▶ **Data**:
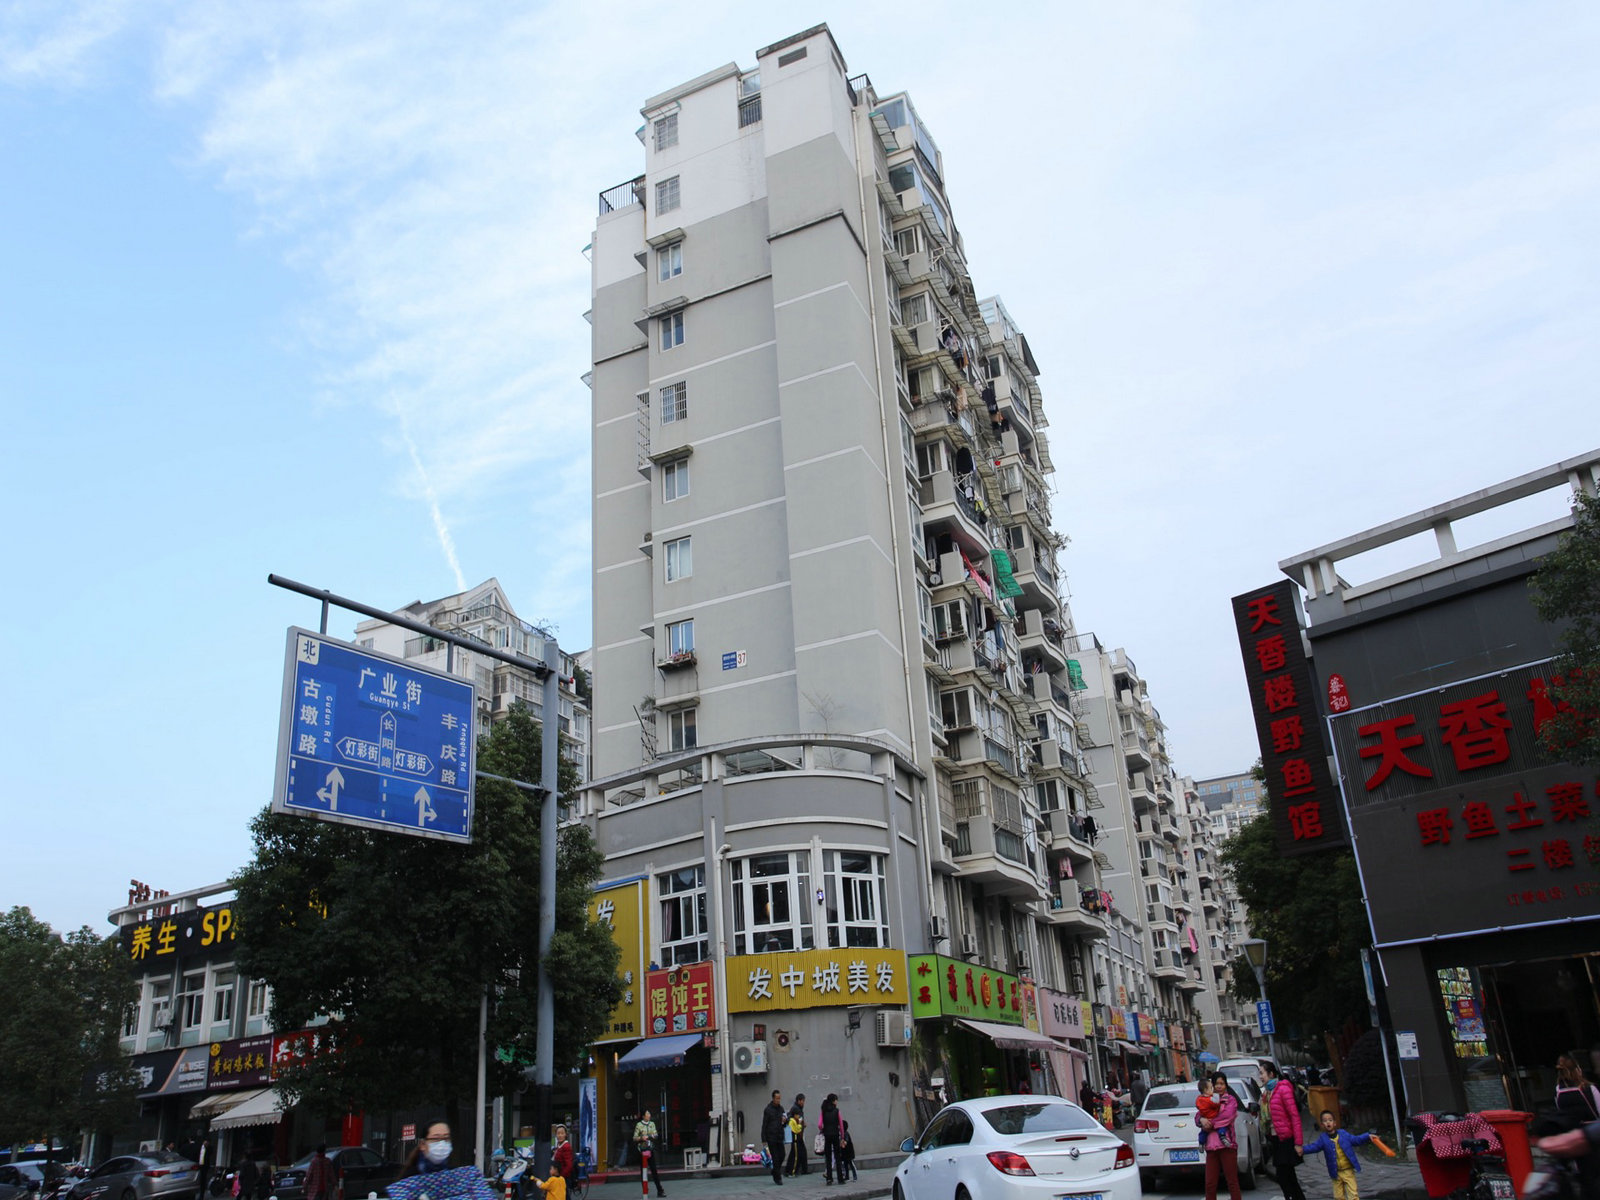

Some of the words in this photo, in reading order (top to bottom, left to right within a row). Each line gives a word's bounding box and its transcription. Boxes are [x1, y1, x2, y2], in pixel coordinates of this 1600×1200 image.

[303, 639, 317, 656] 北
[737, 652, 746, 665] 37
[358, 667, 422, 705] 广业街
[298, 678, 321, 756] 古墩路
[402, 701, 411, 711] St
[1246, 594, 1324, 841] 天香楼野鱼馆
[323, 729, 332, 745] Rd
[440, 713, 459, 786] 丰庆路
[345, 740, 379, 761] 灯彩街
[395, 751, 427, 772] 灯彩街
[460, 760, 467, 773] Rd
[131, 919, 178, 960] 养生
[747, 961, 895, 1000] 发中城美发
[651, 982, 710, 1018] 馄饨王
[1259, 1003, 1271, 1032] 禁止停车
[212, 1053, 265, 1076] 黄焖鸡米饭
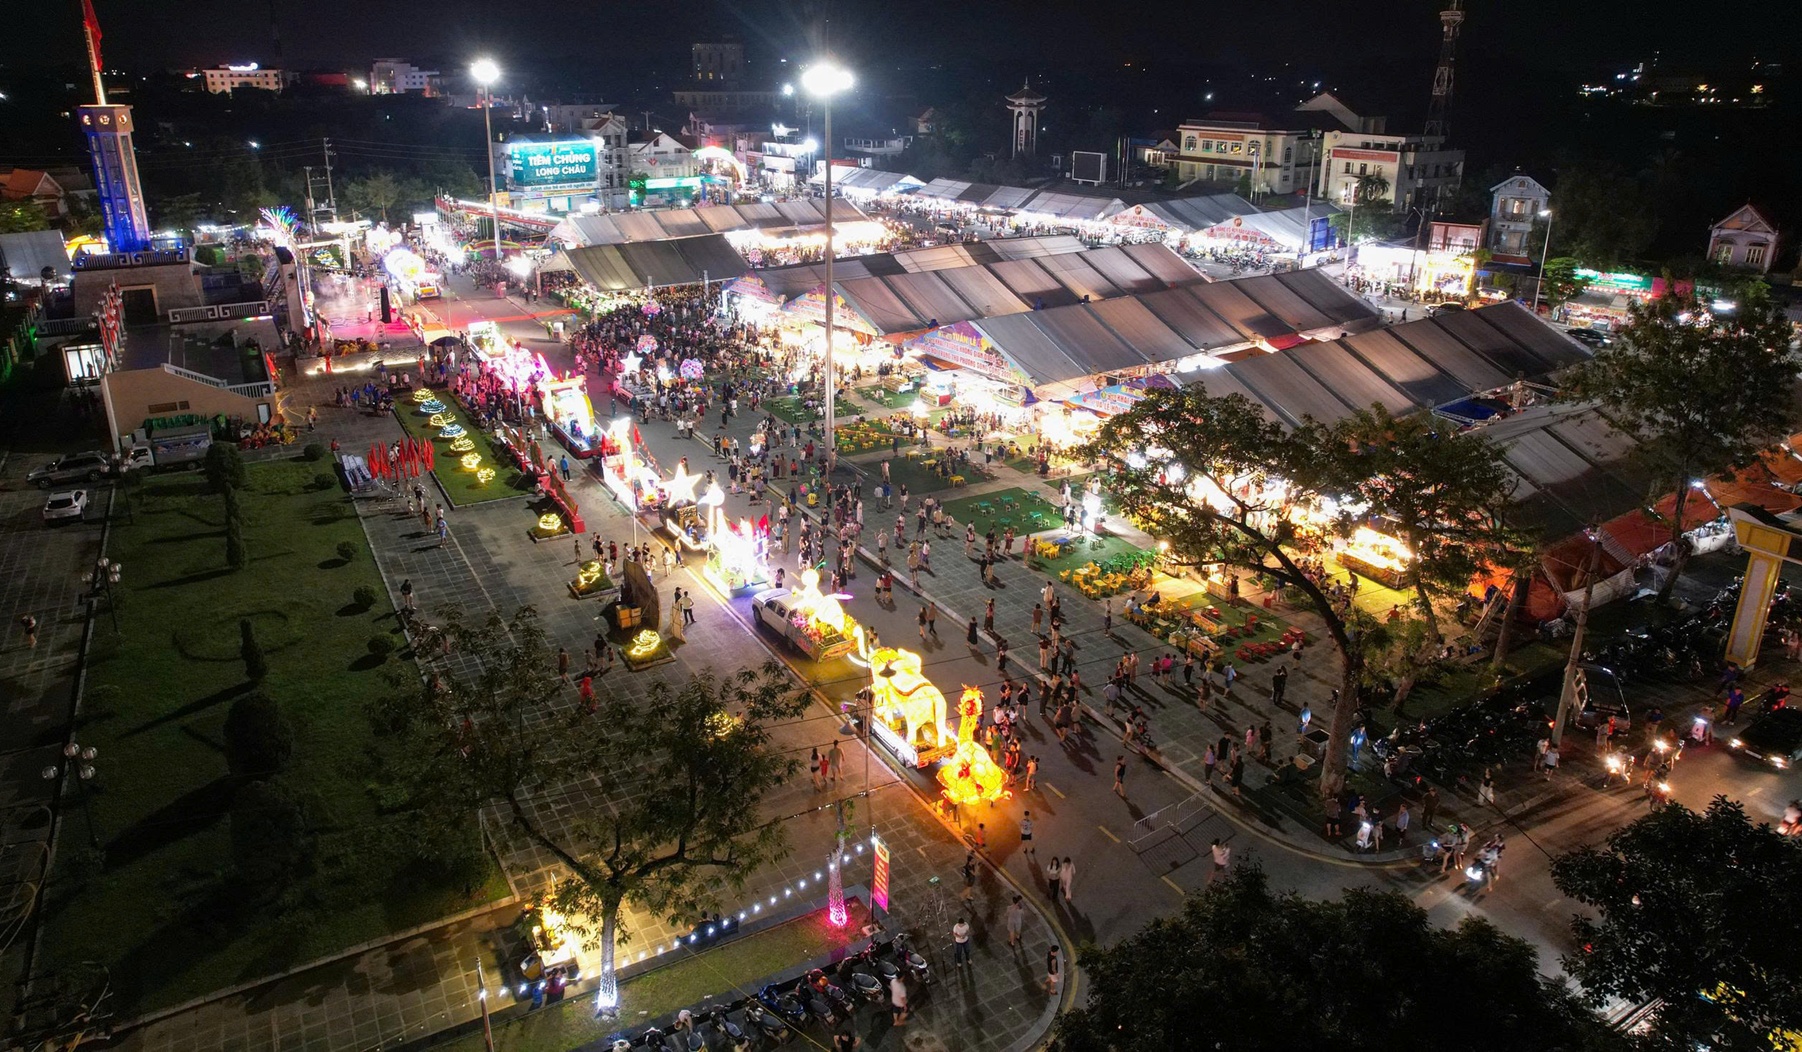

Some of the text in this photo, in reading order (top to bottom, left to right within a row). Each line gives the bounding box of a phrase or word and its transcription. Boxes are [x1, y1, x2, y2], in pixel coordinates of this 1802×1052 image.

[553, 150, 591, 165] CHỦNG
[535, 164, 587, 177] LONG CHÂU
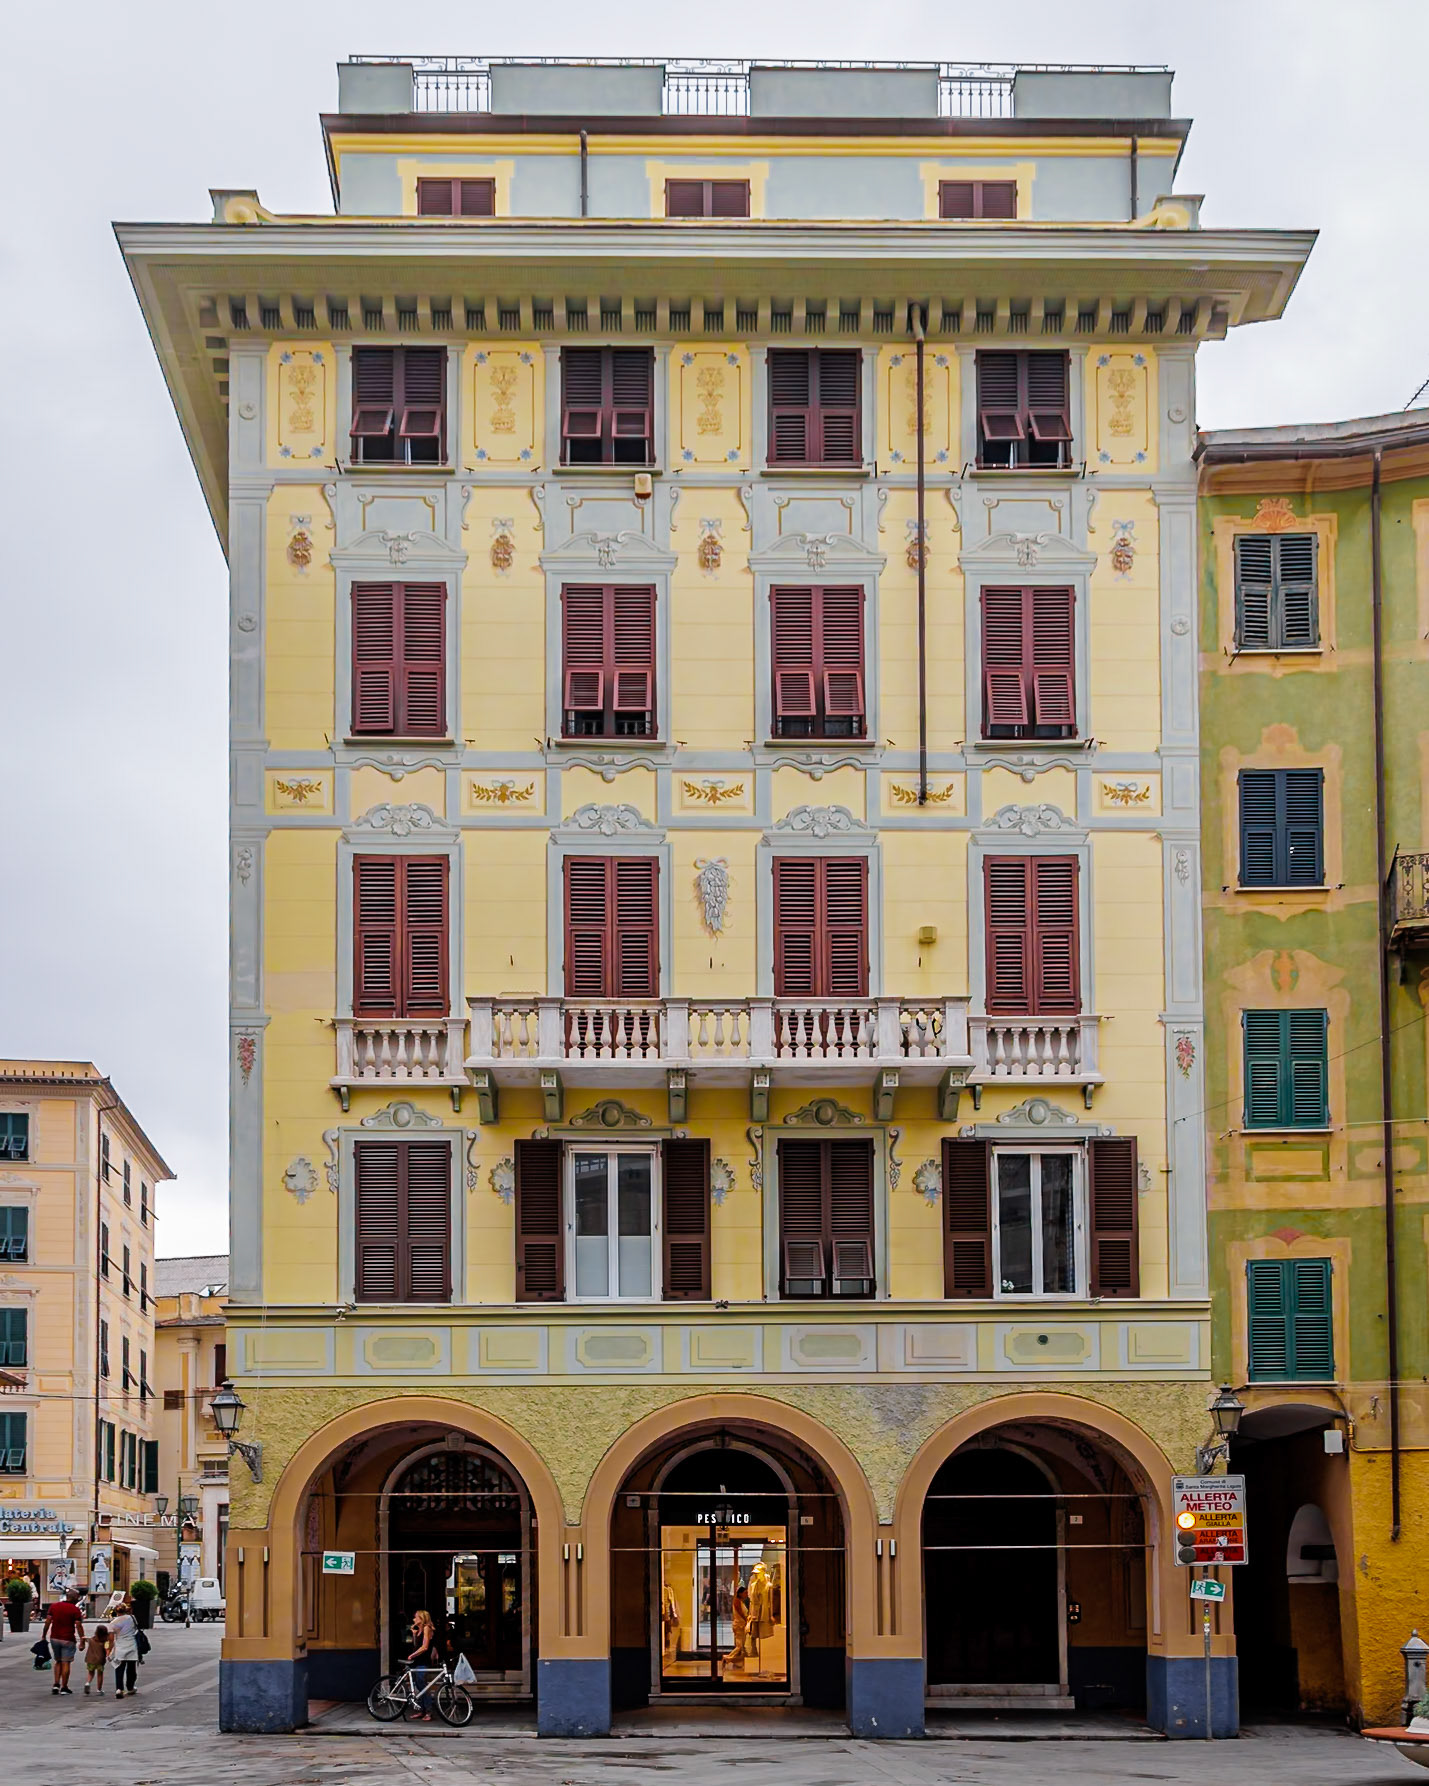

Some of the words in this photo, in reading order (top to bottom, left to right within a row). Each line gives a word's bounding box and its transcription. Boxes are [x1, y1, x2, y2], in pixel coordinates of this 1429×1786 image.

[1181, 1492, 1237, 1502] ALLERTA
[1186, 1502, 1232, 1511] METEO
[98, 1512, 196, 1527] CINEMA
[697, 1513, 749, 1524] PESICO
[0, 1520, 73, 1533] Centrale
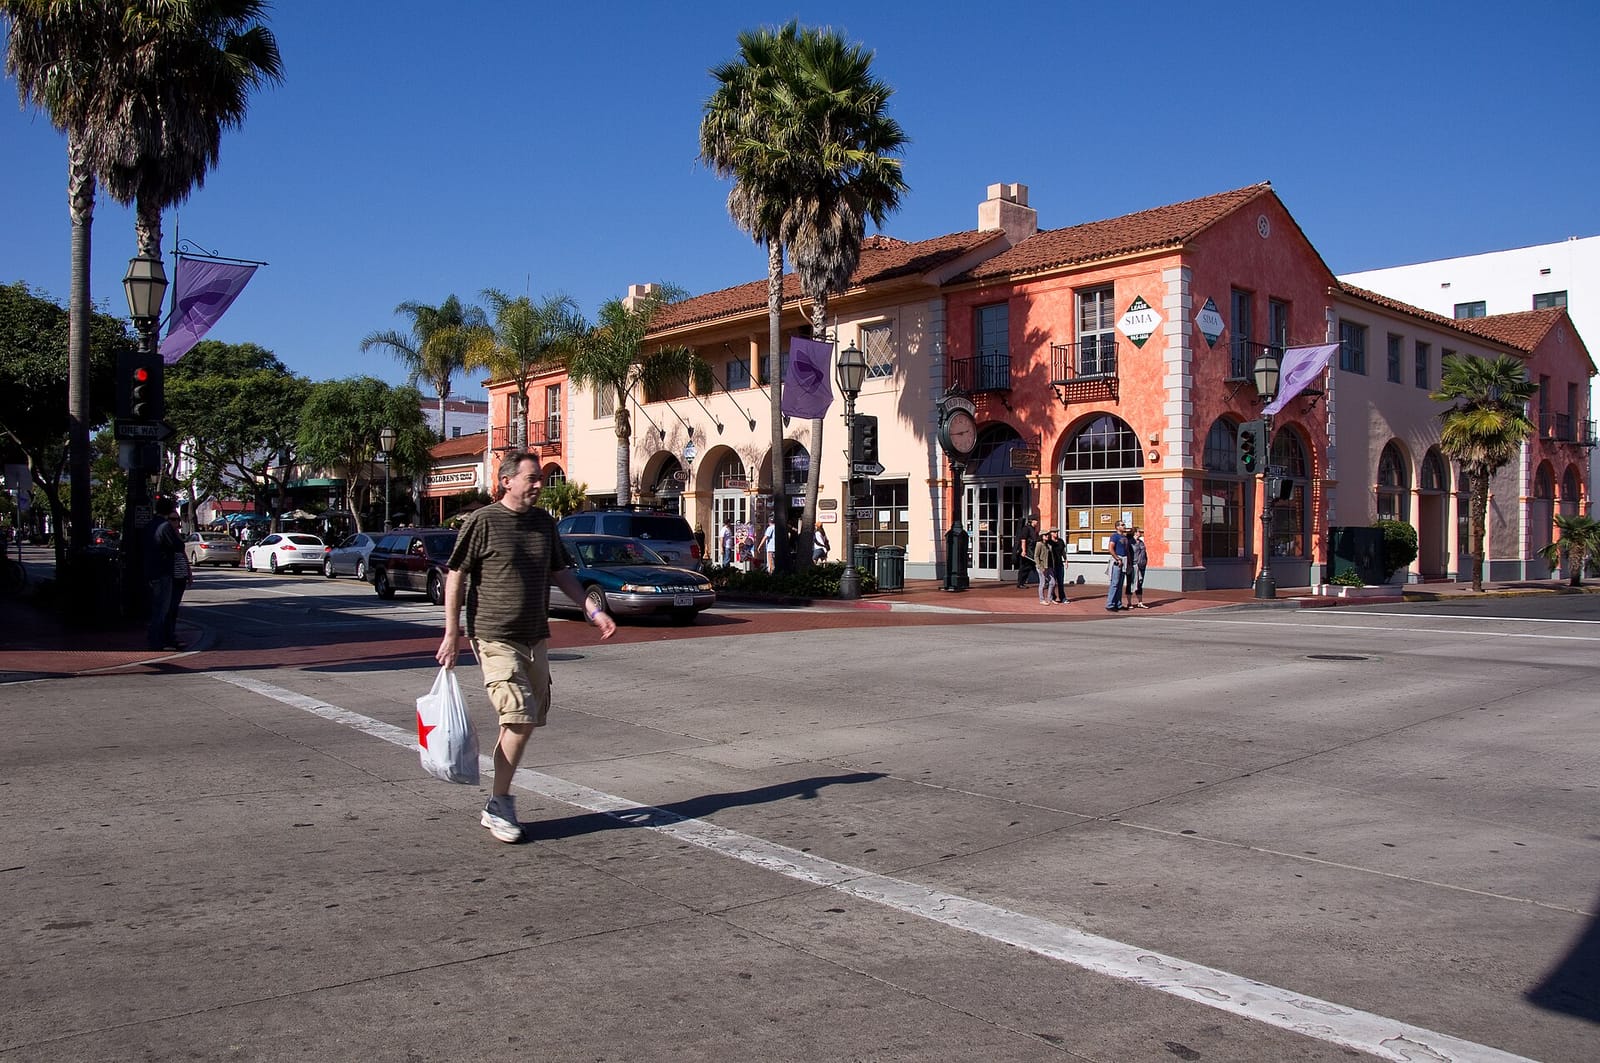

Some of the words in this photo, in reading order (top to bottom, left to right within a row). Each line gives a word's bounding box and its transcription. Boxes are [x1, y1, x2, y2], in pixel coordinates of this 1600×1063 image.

▶ **What to produce**:
This task calls for the listing to be restated exactly, with images omitted.

▶ **Answer for this exercise**:
Some of the words in this photo, in reading order (top to bottom, left to right within a row). Each line gives a word's bounding box and its transcription. Boxes are [x1, y1, x2, y2], in pixel coordinates of this 1600×1200 image.

[303, 639, 317, 656] 北
[737, 652, 746, 665] 37
[358, 667, 422, 705] 广业街
[298, 678, 321, 756] 古墩路
[402, 701, 411, 711] St
[1246, 594, 1324, 841] 天香楼野鱼馆
[323, 729, 332, 745] Rd
[440, 713, 459, 786] 丰庆路
[345, 740, 379, 761] 灯彩街
[395, 751, 427, 772] 灯彩街
[460, 760, 467, 773] Rd
[131, 919, 178, 960] 养生
[747, 961, 895, 1000] 发中城美发
[651, 982, 710, 1018] 馄饨王
[1259, 1003, 1271, 1032] 禁止停车
[212, 1053, 265, 1076] 黄焖鸡米饭

Some of the text in this photo, in reading order (top to bottom, left to right within a row). Each line gives the bounding box of a phrase or word and its transcription. Boxes are [x1, y1, x2, y2], in pixel coordinates of this 1802×1052 image.

[553, 150, 591, 165] CHỦNG
[535, 164, 587, 177] LONG CHÂU

Some of the words in this photo, in reading order (top to bottom, left to right within a row). Each line gives a word's bounding box and its transcription. Boxes are [x1, y1, x2, y2], in pixel coordinates of this 1429×1786 image.

[1181, 1492, 1237, 1502] ALLERTA
[1186, 1502, 1232, 1511] METEO
[98, 1512, 196, 1527] CINEMA
[697, 1513, 749, 1524] PESICO
[0, 1520, 73, 1533] Centrale

Some of the words in this photo, in reading order (top to bottom, left to right within a row). Each line gives a word's bounding box and its transcription. Boxes are [x1, y1, x2, y2], in pixel coordinates of this 1600×1063 image.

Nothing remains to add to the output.